I fear that hover checks are becoming a lost art, and science should strenuously object. There’s no question that we’ve all experienced watching helicopter takeoffs which feature the pilot quickly getting through checklists and bringing the rotor to flight speed, followed immediately by an armpit full of abruptly pulled collective, driving the aircraft to a bounding or zooming departure usually marked by an impressive cloud of dust commemorating more bravado than wisdom. There are times, of course, when omitting or abbreviating a hover safety check is the properly conservative compromise decision. Conditions threatening visual welfare of the pilot, such as powder snow or loose dust, must be respected, and can sometimes be mitigated by a deliberately intended hover-less departure.
Within U.S. Coast Guard operations, as another exception to the rule, we trained to accomplish no-hover instrument takeoffs, with feet flat on the deck using yaw hold AFCS functions, so that flying cleanly away from runway surfaces, yet dead on centerlines, could be accomplished safely during categorically zero/zero weather. (We practiced this maneuver often, but only rarely used it in actual operations.) But most of the time, across most of the imaginable spectrum of helicopter departures, pausing in a fully stabilized hover with a three-foot skid height for several seconds of introspection before committing to the hazards of full amplitude flight is a profoundly worthwhile enterprise.Bringing a helicopter to a cautiously deliberate hover in ground effect and observing it there for a few moments can accomplish:
• Confirmation of the generally correct functioning of drive train and rotor systems at flight speed and high torque values (not a bad choice of a set of parts and functions to trust but verify);
• Proper response of the flight control systems to control inputs (nothing beats actual proof testing for confirming mechanical performance);
• Correct and accurate reporting of engine and flight instruments, specifically to include heading cards and attitude gyros (seeing here is truly believing);
• Checking power required to hover in ground effect (this is a good number to know, since the weight of the helicopter,
and this power required, will be decreasing for the remainder of any given flight leg, and the hover check values represent something like a worst case scenario for the present segment);
• Noting the power available for either a conventional or a vertical climb to continue the takeoff (hovering, of course, typically requires more power than cruising, but the differences between hover check torques, manifold pressures [for piston power], compressor or engine speeds and temperatures, and maximum allowable values for these parameters, will provide a useful perspective on expected maximum takeoff performance);
• A great, practical confirmation of data already known about aircraft weight and balance (together with the above mentioned confirmation of power margins, the way the aircraft “hangs” under the rotor mast can be immediately observed, and is, after all, the final real world evidence for satisfactory geometric airframe weight balance);
• Confirmation that no obstructions or impediments to flight threaten to interfere with the free departure of the airframe (has anyone ever heard horror stories about tie downs, wash hoses, fueling nozzles or electrical lines being forgotten or overlooked, literally connecting the helicopter to impending disaster?); and
• Witnessing the engine(s) and drive train sustaining a high power output through six to eight seconds of hover check flight can be thought of as statistically meaningful in terms of systems reliability (if power systems can be demonstrated to deliver high ranges of output through a generously prudent hover check, it can be considered statistically likely that fuel control and power delivery systems are working correctly, and this is very nice to know).
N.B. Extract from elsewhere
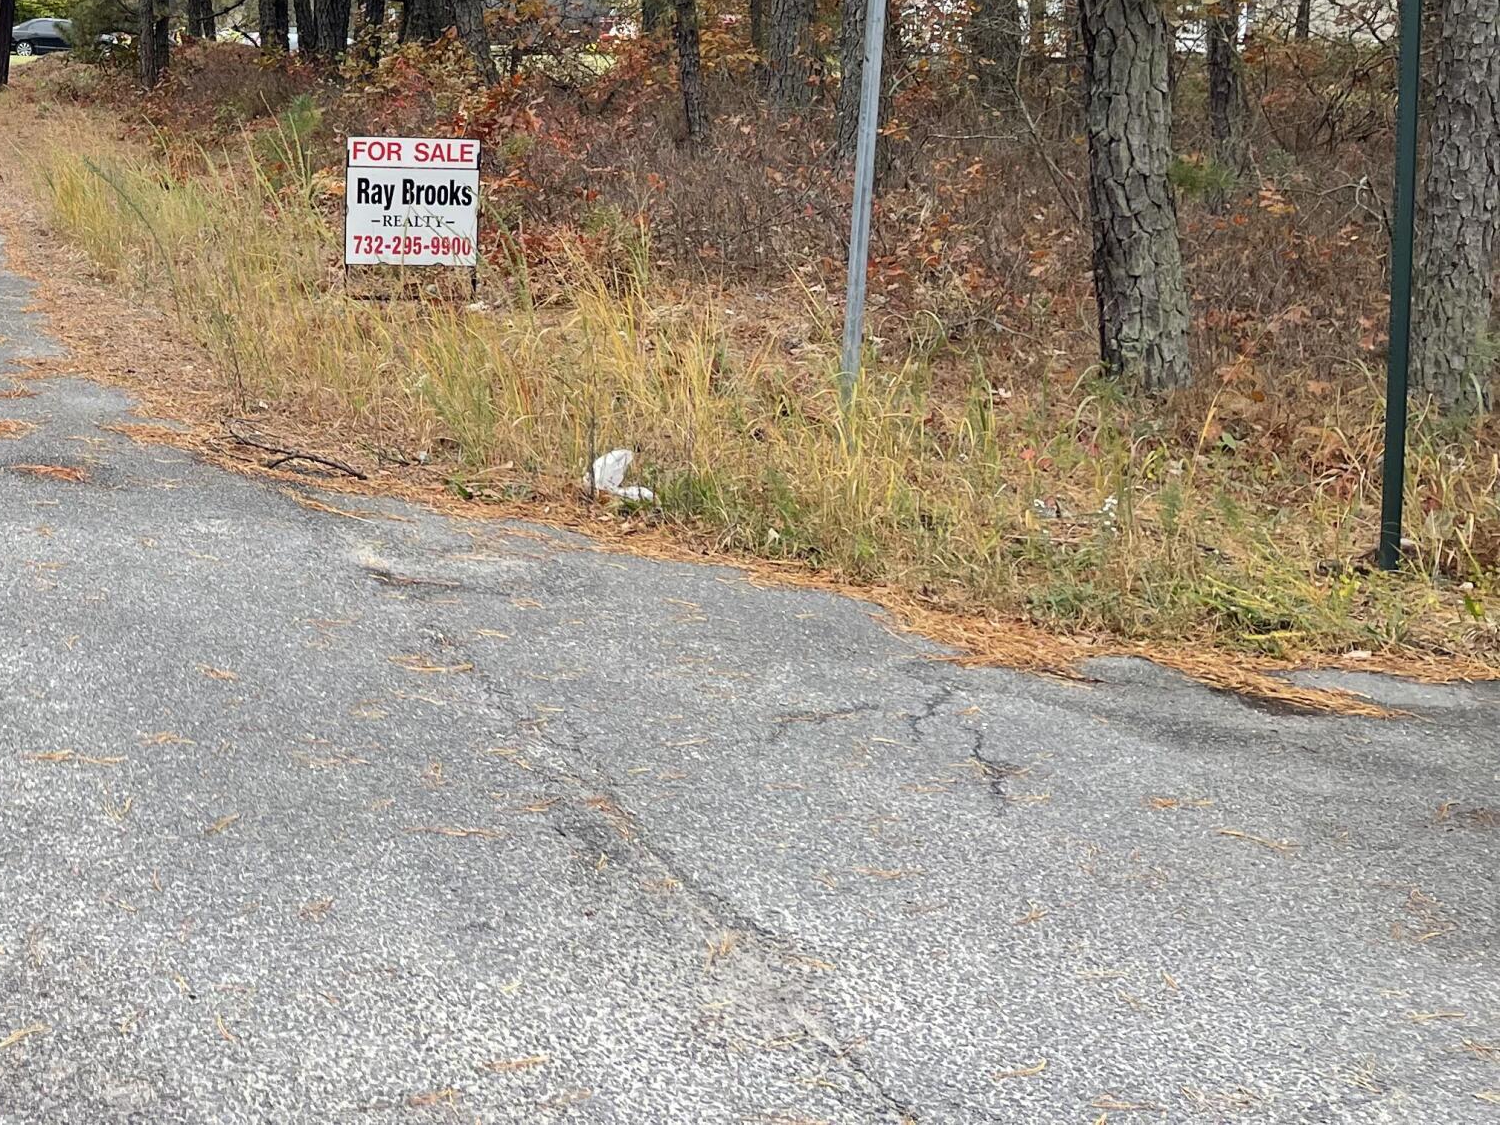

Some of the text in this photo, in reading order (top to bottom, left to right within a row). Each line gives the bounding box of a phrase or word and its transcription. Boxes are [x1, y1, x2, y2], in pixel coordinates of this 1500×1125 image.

I know of one particular quick departure that was intended to be executed as an immediate climb from a parking ramp, over power lines and a densely obstructed railroad track area, but by random chance was held for a few moments by a tower controller who turned out to be, in the annals of hover check lore, an angel. As the pilot waited a seemingly interminable few seconds, stuck in a low hover and impatient for release, his single turbine spun unceremoniously to ground idle.
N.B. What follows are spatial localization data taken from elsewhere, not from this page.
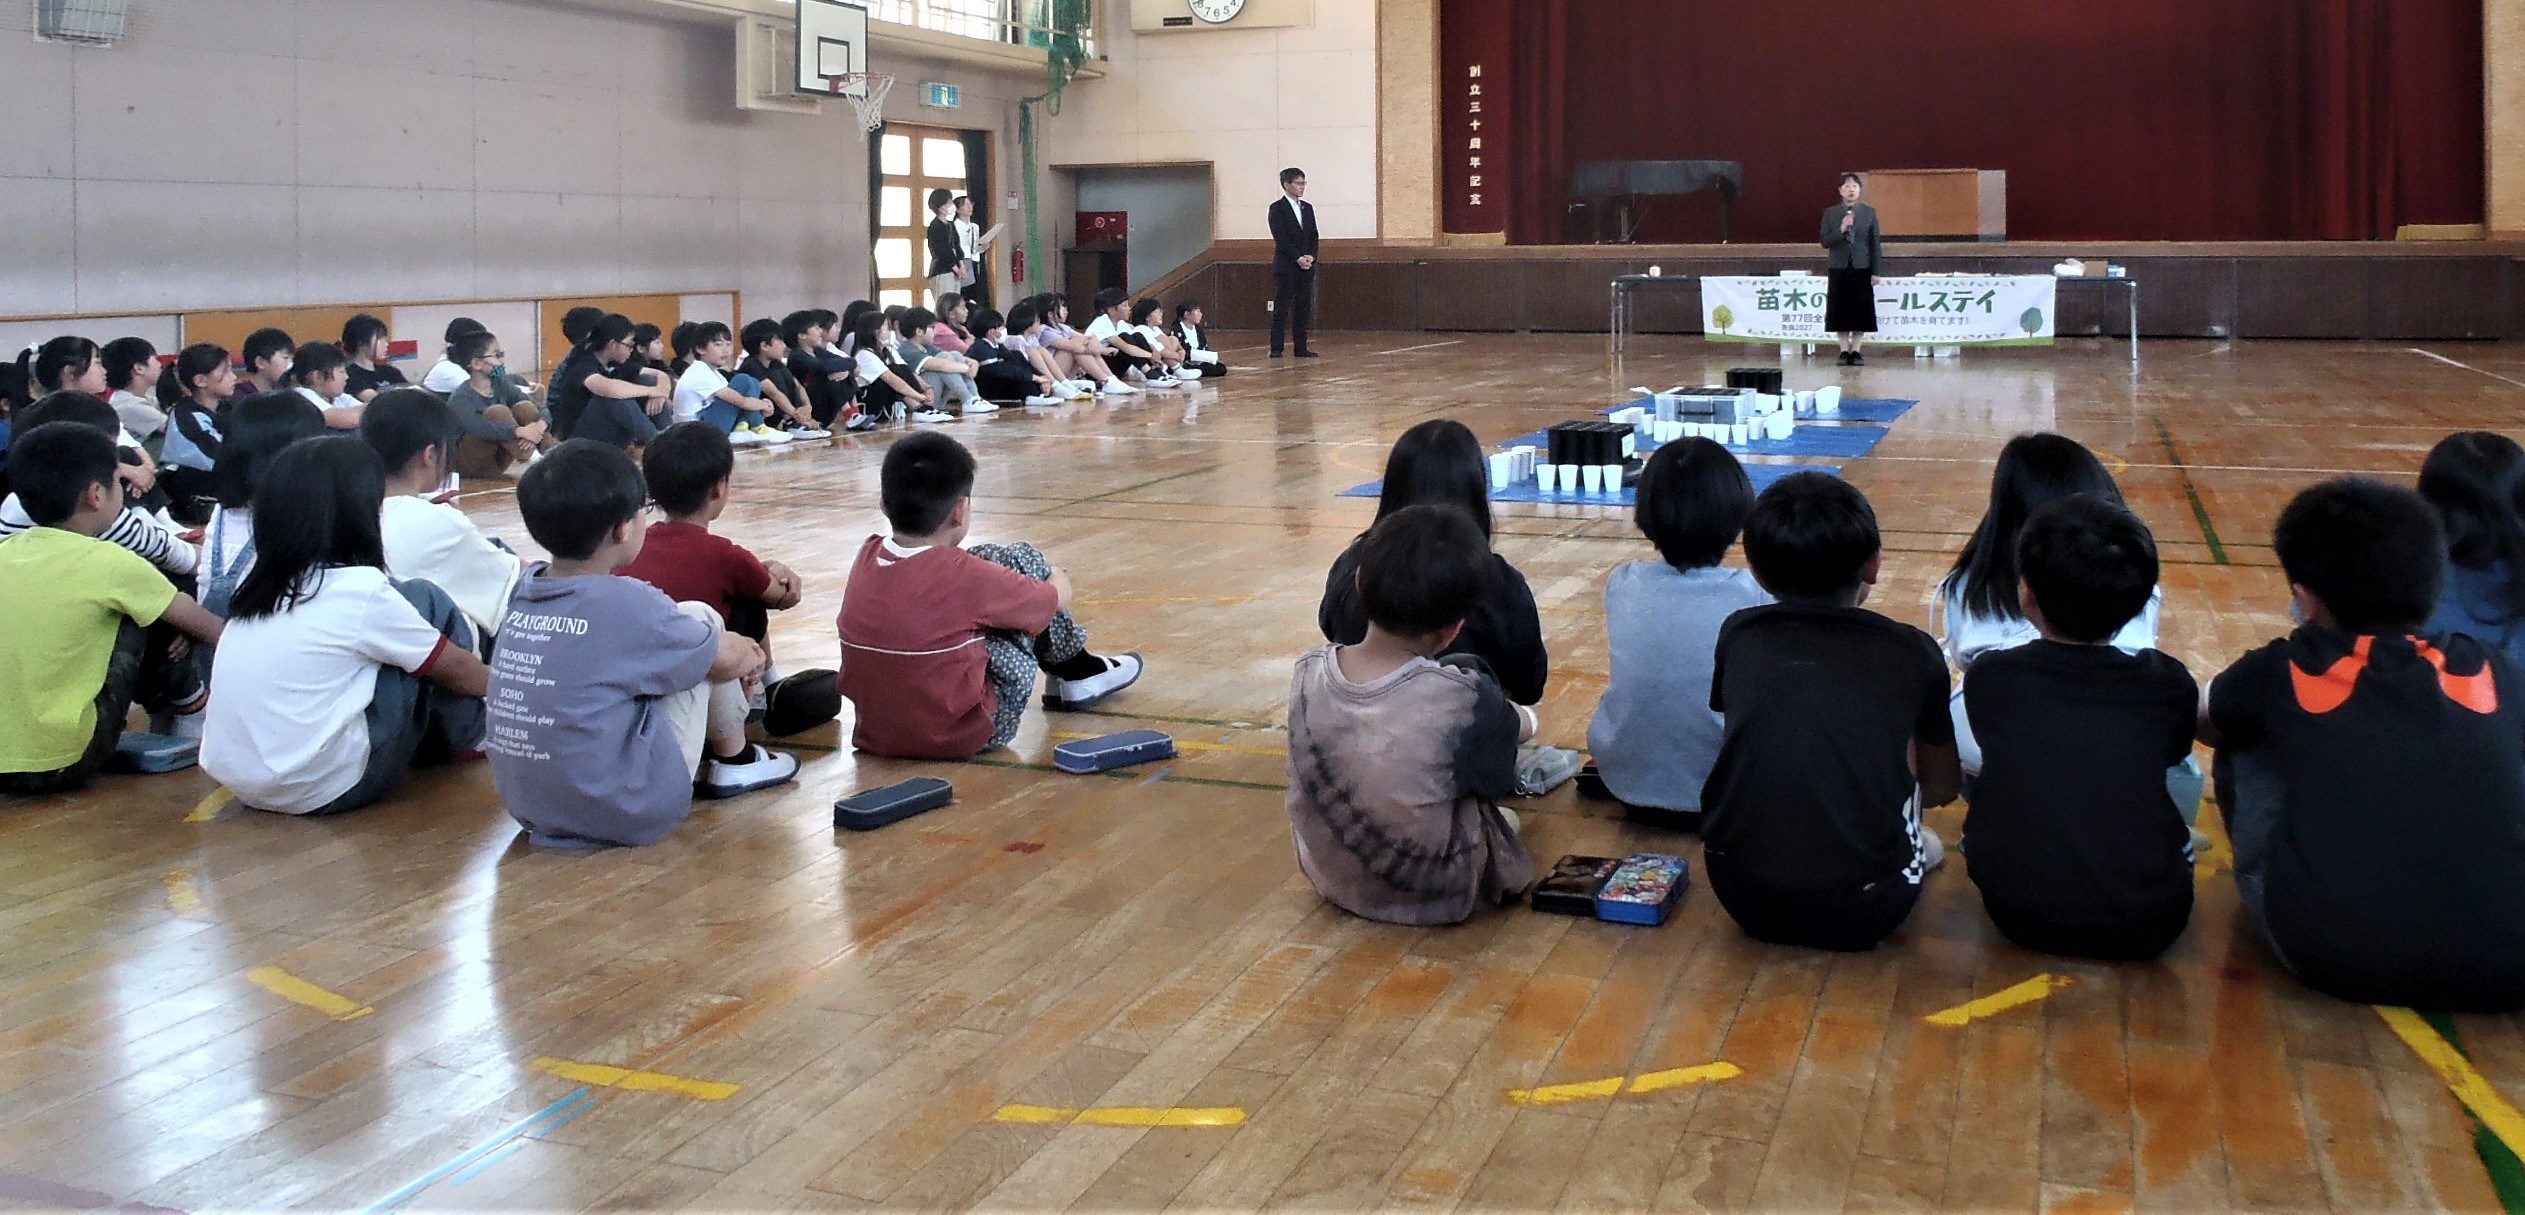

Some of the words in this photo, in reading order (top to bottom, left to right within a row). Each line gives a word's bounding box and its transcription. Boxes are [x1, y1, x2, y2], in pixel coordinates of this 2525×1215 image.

[1205, 7, 1211, 15] 7
[1213, 8, 1220, 17] 6
[1223, 5, 1230, 14] 5
[506, 611, 588, 635] PLAYGROUND
[500, 647, 544, 665] BROOKLYN
[535, 678, 557, 687] grow
[500, 688, 524, 701] SOHO
[537, 714, 556, 727] play
[495, 724, 529, 741] HARLEM
The helicopter, of course, auto-rotated to the deck, safely preserved. A maintenance check revealed that a Py air line connector, necessary for proper fuel control operation, had become loose, instructing the engine to power down. If the departure had proceeded as planned, the outcome of this episode would likely have been dramatically unfortunate. But a good hover check—however unintended—literally saved the day.
Let’s use stories like this one, along with the consideration list started above, to remind ourselves that a few seconds spent confirming that our aircraft machinery is happy and well is a wise investment indeed. Make sure that hover checks always remain fashionable in your operation.
After all, the art of safety should never be allowed to go out of style.